Starting from the line containing "this 1920×1277 image.", write out the rest of the entries exactly, through the final line, including nothing else.

[Records excerpted from a collection]
━━━━
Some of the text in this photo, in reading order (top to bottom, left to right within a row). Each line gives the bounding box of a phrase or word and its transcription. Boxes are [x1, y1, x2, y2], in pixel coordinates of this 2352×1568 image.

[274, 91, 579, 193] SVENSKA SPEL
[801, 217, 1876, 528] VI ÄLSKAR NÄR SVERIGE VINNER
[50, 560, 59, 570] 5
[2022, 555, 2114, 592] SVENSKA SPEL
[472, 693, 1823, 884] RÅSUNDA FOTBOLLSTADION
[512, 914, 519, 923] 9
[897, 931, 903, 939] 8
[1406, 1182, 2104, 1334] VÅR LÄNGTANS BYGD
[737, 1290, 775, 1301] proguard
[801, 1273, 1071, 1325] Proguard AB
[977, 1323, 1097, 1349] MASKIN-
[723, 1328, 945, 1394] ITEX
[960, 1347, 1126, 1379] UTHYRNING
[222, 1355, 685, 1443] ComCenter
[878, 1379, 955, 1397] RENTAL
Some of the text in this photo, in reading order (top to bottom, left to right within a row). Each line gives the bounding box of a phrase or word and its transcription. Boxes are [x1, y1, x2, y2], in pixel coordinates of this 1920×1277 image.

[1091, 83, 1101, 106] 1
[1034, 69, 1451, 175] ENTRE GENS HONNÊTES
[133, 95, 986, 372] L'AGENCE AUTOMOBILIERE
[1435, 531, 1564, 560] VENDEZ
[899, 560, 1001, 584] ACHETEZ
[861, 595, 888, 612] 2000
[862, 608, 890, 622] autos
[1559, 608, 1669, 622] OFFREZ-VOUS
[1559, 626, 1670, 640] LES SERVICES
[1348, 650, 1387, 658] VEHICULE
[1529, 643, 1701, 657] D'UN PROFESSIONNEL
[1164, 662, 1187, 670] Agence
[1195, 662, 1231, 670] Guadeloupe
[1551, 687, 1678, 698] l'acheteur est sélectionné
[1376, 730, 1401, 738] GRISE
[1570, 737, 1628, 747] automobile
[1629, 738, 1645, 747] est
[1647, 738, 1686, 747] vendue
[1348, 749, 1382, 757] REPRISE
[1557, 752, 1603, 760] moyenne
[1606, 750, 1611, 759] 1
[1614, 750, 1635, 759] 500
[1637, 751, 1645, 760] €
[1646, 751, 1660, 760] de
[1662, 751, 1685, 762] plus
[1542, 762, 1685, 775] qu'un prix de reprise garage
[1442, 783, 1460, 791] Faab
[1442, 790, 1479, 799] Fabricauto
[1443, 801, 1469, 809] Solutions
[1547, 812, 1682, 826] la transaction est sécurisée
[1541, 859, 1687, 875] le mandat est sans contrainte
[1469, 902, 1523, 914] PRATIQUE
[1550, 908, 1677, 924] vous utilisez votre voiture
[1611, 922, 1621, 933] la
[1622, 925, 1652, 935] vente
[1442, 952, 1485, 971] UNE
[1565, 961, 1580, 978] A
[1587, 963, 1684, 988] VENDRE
━━━━
- _WRITTEN SOLUTION_:
Some of the text in this photo, in reading order (top to bottom, left to right within a row). Each line gives the bounding box of a phrase or word and its transcription. Boxes are [x1, y1, x2, y2], in pixel coordinates of this 1920×1277 image.

[1091, 83, 1101, 106] 1
[1034, 69, 1451, 175] ENTRE GENS HONNÊTES
[133, 95, 986, 372] L'AGENCE AUTOMOBILIERE
[1435, 531, 1564, 560] VENDEZ
[899, 560, 1001, 584] ACHETEZ
[861, 595, 888, 612] 2000
[862, 608, 890, 622] autos
[1559, 608, 1669, 622] OFFREZ-VOUS
[1559, 626, 1670, 640] LES SERVICES
[1348, 650, 1387, 658] VEHICULE
[1529, 643, 1701, 657] D'UN PROFESSIONNEL
[1164, 662, 1187, 670] Agence
[1195, 662, 1231, 670] Guadeloupe
[1551, 687, 1678, 698] l'acheteur est sélectionné
[1376, 730, 1401, 738] GRISE
[1570, 737, 1628, 747] automobile
[1629, 738, 1645, 747] est
[1647, 738, 1686, 747] vendue
[1348, 749, 1382, 757] REPRISE
[1557, 752, 1603, 760] moyenne
[1606, 750, 1611, 759] 1
[1614, 750, 1635, 759] 500
[1637, 751, 1645, 760] €
[1646, 751, 1660, 760] de
[1662, 751, 1685, 762] plus
[1542, 762, 1685, 775] qu'un prix de reprise garage
[1442, 783, 1460, 791] Faab
[1442, 790, 1479, 799] Fabricauto
[1443, 801, 1469, 809] Solutions
[1547, 812, 1682, 826] la transaction est sécurisée
[1541, 859, 1687, 875] le mandat est sans contrainte
[1469, 902, 1523, 914] PRATIQUE
[1550, 908, 1677, 924] vous utilisez votre voiture
[1611, 922, 1621, 933] la
[1622, 925, 1652, 935] vente
[1442, 952, 1485, 971] UNE
[1565, 961, 1580, 978] A
[1587, 963, 1684, 988] VENDRE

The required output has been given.